▶ Provided data:
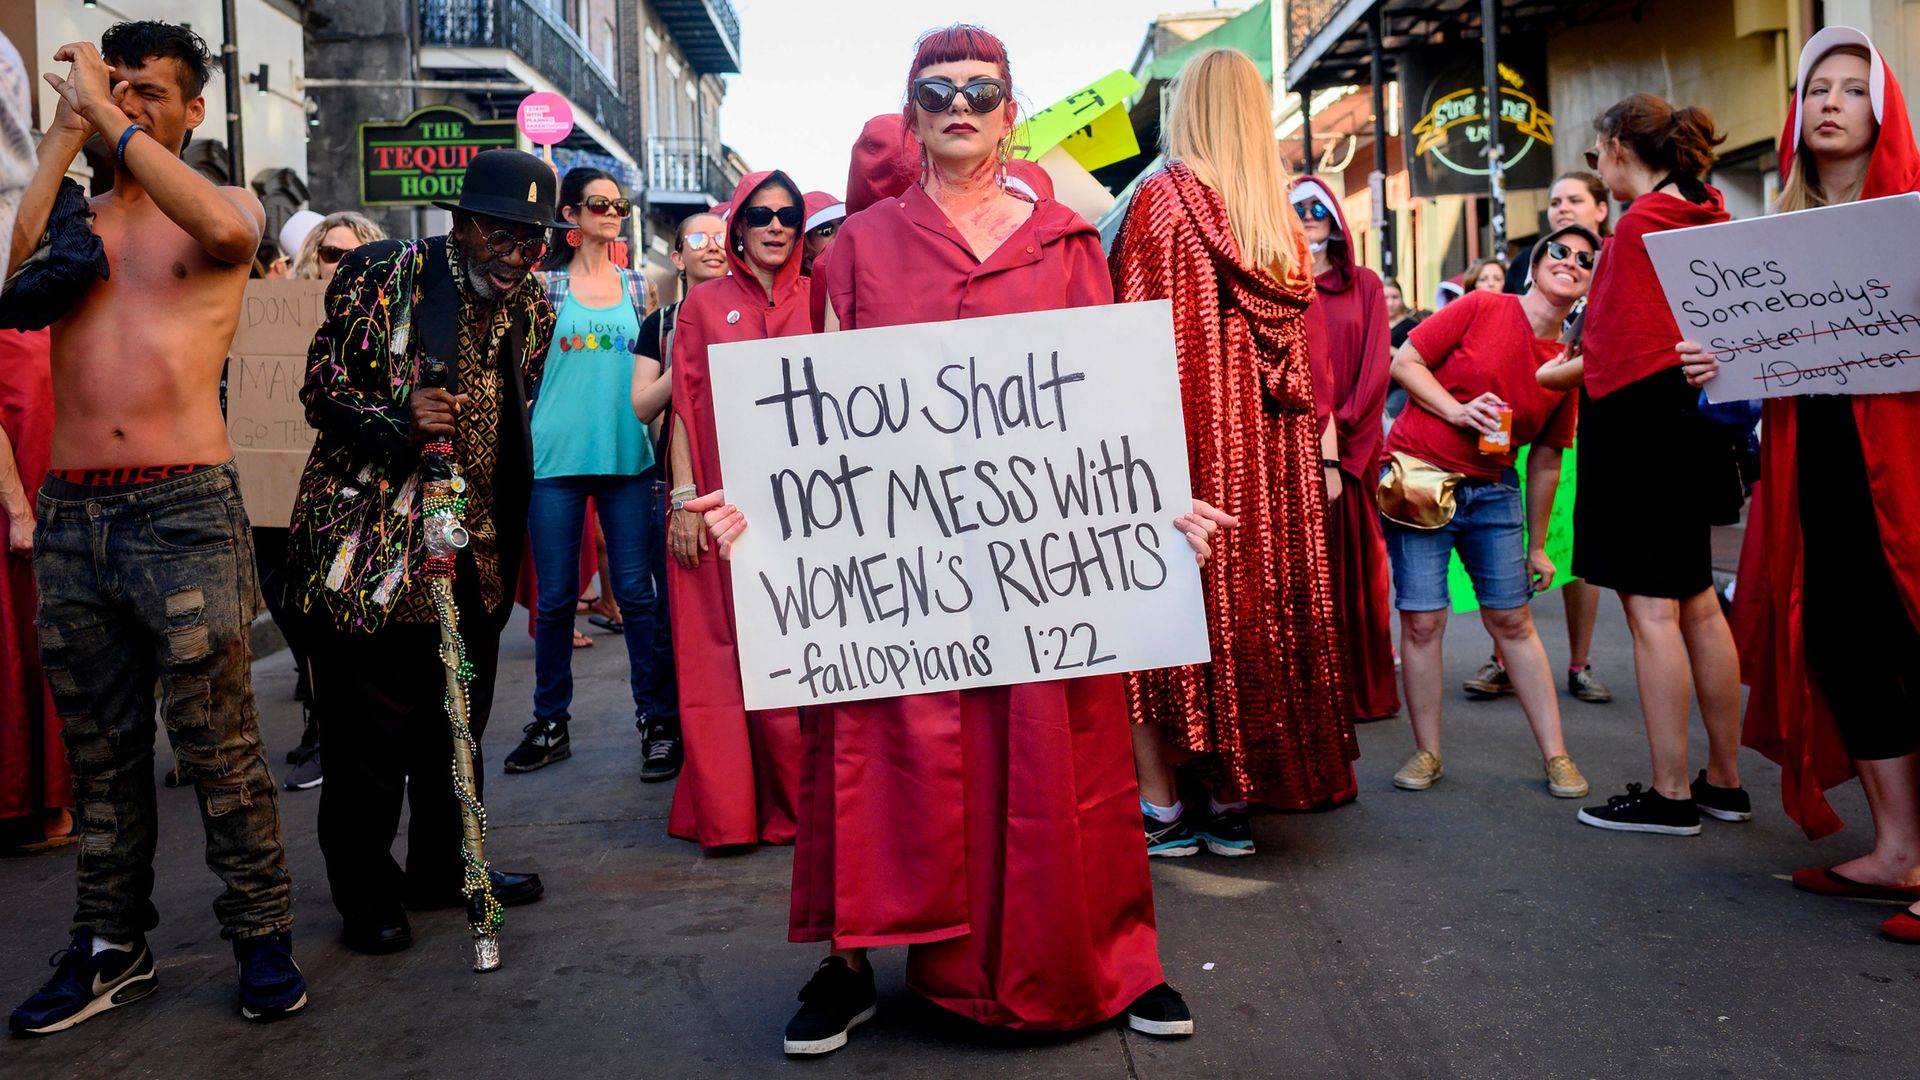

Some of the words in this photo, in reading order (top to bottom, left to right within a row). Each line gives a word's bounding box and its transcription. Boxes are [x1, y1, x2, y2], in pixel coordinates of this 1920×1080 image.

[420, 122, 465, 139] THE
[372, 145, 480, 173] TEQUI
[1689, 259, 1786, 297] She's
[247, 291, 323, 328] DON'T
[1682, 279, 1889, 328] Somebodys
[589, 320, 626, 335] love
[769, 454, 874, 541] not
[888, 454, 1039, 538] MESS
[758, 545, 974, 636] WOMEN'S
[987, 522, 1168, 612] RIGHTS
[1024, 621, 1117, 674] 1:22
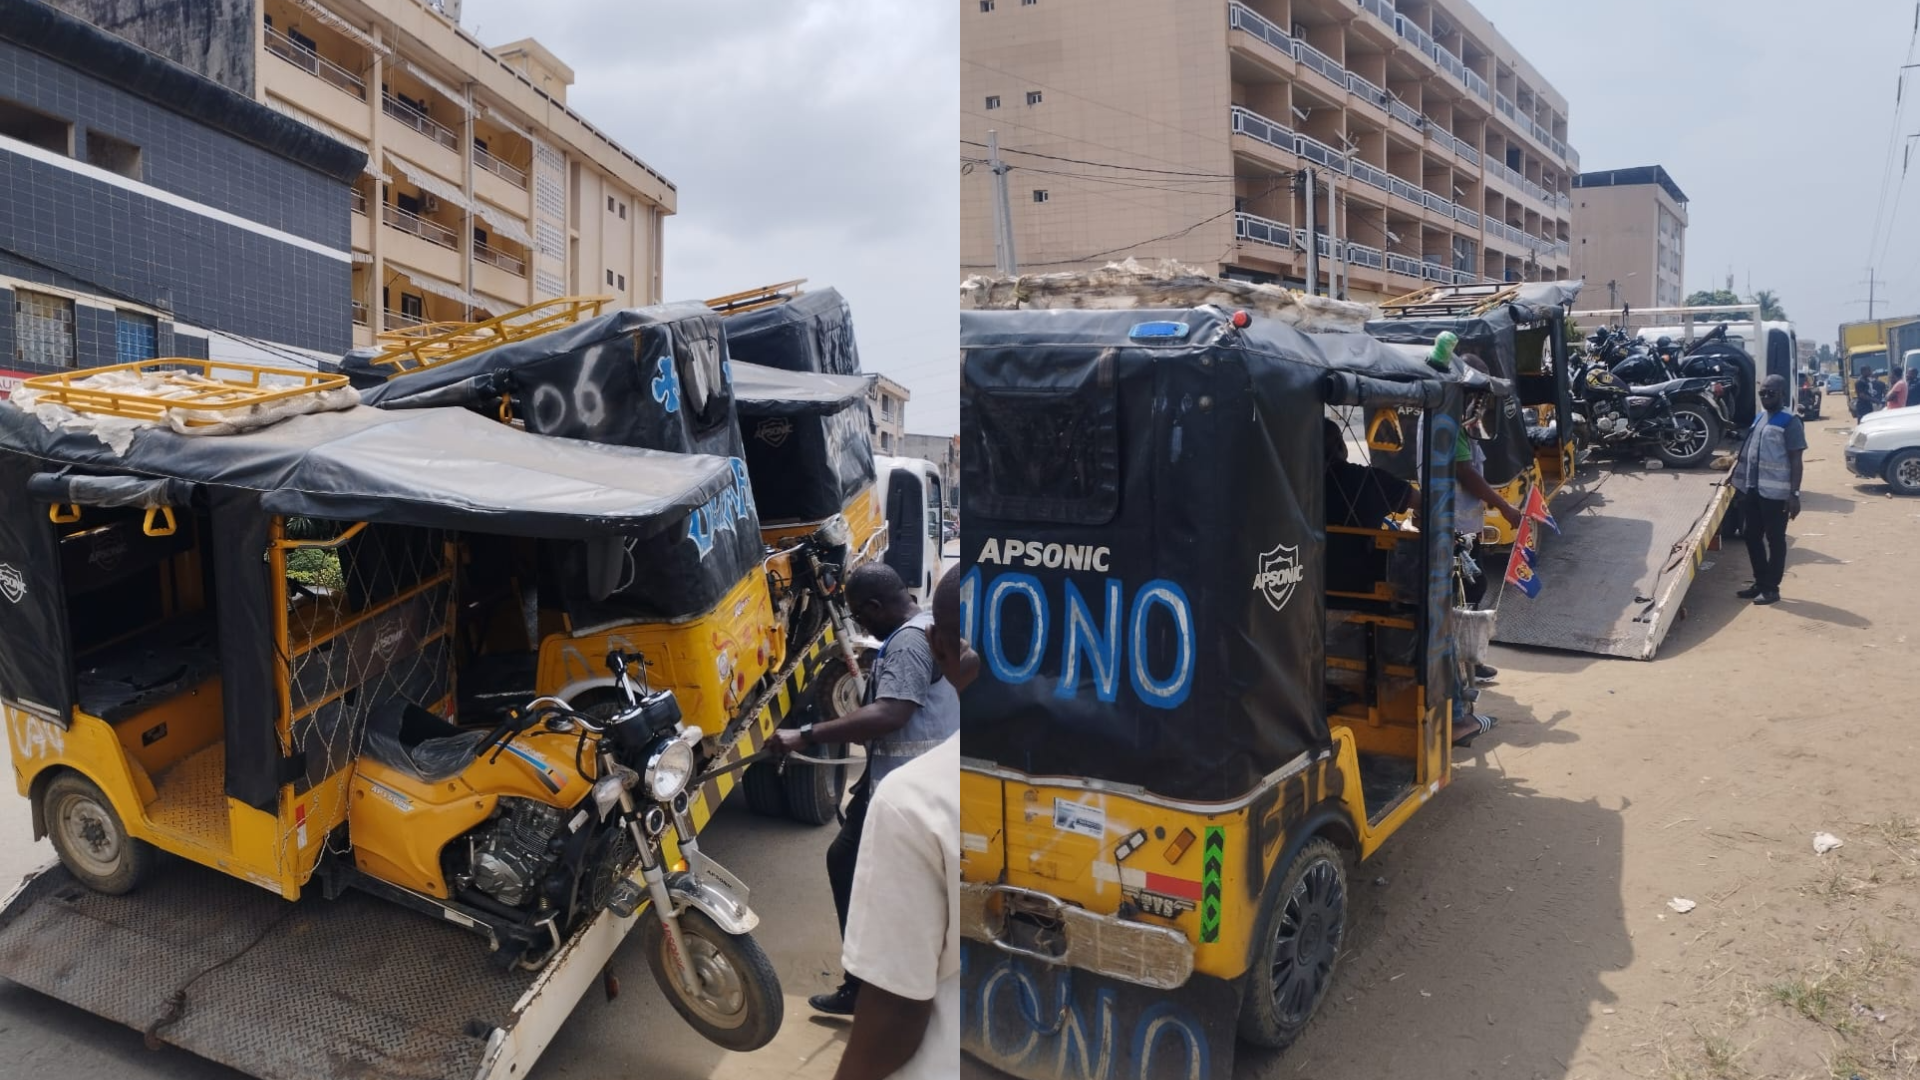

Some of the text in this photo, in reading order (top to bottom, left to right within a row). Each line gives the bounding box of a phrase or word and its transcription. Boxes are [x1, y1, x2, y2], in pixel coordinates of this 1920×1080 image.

▶ Prompt:
Output each record precisely as it appears, and drop every picture.

▶ Solved exercise:
Some of the words in this photo, in reading order (top to bottom, left to right within a row). Each line gives a word's bounding box and its transcription. Boxes are [x1, y1, x2, y2], in pixel coordinates of this 1920×1080 image.

[420, 122, 465, 139] THE
[372, 145, 480, 173] TEQUI
[1689, 259, 1786, 297] She's
[247, 291, 323, 328] DON'T
[1682, 279, 1889, 328] Somebodys
[589, 320, 626, 335] love
[769, 454, 874, 541] not
[888, 454, 1039, 538] MESS
[758, 545, 974, 636] WOMEN'S
[987, 522, 1168, 612] RIGHTS
[1024, 621, 1117, 674] 1:22

Some of the text in this photo, in reading order (top to bottom, left to right within a row). Each line gives the bounding box of a phrase or word and its transcription. Boxes are [x1, y1, x2, y2], in pixel coordinates of this 1920×1080 image.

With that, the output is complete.